Es gracias a ella que podemos tener esperanza que nuestro largo peregrinaje podrá seguir a pesar de todo. Esta es la Buena Nueva: «nos ha nacido un niño».



El cristianismo verá en este nacimiento el punto de quiebre de la historia humana. Lo infinito se hace finito, lo absoluto deviene particular, el espíritu se encarna, Dios se hace hombre, el Todopoderoso se hace niño en un pesebre. Si algo salva al cristianismo de sus miserias tan demasiado humanas es justamente ser la religión del niño.

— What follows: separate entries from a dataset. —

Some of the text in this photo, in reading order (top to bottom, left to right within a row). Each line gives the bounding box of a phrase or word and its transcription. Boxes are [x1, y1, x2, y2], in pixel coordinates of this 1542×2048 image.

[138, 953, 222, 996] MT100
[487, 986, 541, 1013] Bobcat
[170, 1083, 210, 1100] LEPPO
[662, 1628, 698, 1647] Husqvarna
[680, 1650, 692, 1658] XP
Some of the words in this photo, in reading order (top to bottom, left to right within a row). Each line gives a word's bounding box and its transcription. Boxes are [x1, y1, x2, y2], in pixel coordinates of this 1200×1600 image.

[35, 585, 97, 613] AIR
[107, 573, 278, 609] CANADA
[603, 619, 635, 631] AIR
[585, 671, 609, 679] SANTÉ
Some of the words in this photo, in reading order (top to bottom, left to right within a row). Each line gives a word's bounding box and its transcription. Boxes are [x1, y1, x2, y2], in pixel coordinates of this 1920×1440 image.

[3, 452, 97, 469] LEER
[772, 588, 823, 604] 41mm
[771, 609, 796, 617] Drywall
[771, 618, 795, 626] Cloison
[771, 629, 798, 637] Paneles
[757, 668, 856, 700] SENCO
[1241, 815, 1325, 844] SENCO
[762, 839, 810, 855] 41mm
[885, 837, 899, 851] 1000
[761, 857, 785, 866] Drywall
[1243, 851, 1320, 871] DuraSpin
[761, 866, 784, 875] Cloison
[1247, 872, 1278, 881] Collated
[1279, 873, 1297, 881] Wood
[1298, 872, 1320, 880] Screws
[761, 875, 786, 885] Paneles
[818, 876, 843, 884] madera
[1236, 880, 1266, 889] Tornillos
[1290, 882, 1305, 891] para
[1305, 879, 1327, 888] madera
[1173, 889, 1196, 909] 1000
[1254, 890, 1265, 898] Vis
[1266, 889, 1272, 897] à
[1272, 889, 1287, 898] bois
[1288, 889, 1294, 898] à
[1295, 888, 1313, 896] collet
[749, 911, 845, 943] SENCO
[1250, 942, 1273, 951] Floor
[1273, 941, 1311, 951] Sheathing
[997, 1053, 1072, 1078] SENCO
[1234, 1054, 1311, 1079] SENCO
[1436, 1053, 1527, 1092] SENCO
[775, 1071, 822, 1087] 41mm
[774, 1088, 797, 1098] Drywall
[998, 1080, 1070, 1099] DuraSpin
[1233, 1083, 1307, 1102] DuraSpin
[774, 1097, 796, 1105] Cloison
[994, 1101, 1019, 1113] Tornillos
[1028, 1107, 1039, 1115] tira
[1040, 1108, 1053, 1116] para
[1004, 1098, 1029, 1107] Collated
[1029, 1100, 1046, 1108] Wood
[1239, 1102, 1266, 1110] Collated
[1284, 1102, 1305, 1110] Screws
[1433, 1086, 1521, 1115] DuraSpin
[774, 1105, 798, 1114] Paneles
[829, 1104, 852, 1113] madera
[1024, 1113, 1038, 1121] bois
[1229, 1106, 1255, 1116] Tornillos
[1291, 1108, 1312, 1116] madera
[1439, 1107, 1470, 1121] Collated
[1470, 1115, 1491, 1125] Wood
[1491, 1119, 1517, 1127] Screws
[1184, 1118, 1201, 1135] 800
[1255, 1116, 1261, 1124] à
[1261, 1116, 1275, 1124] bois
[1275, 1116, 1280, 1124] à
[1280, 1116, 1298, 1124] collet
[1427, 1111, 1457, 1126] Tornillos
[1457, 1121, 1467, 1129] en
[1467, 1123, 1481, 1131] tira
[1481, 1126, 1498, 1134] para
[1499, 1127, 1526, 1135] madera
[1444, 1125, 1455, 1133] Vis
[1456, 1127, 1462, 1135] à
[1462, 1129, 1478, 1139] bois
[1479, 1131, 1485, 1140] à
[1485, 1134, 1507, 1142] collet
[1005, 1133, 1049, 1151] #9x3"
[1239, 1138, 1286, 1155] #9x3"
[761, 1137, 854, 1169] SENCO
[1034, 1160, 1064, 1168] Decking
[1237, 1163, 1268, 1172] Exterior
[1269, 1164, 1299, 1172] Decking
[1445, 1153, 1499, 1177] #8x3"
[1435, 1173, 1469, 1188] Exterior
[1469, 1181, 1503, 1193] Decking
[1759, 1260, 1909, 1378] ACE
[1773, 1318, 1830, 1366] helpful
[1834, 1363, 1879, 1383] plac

A propósito de la píldora del día después surge en el debate nacional la novedad central de los tiempos que vivimos. La técnica ha irrumpido en medio de la natalidad, empujando la libertad humana hasta el límite que en el Génesis separaba lo humano de lo divino: el control de la vida. Gracias a las píldoras anticonceptivas, el aborto y a las técnicas de la procreación artificial, las mujeres y los hombres de hoy pueden burlarse de la fecundidad no deseada o de la esterilidad impuesta.



Aún más: ahora podemos manipular el patrimonio genético del que está por nacer, y la maternidad podrá optar por el tipo de niño que quiera. Lo que la mujer de la antigüedad pedía al oráculo y el sacerdote solicitaba a su dios, ahora puede realizarlo la ciencia.



Esta es la cuestión central: paternidad y maternidad ante la potencia -bendición o maldición- de la ciencia humana. Píldoras más, recursos de protección menos, no nos confundamos. He ahí lo que está en discusión: el sentido y los límites de la libertad humana. ¿O ya no los hay?

¿Nos nacerá un nuevo niño? Una nueva vida que la técnica nos promete gatillar, manipular o impedir con toda libertad, mientras que otros nos la quieren imponer conservadoramente sin ninguna libertad, en feroz natalismo.



En el siglo 20 una mujer judía volvió a renovar la tradición cristiana que canta la vida en el «milagro del nacimiento». Para Hannah Arendt la natalidad es un milagro pues en él todo vuelve a comenzar en forma riesgosa, promisoria, abierta, única e irrepetible. «Nadie nunca igual que mi hijo ha habido ni habrá» es el canto de la natalidad. Es en el nacimiento que los hombres nos volvemos a asombrar, admirar, llorar de dolor y cantar de alegría.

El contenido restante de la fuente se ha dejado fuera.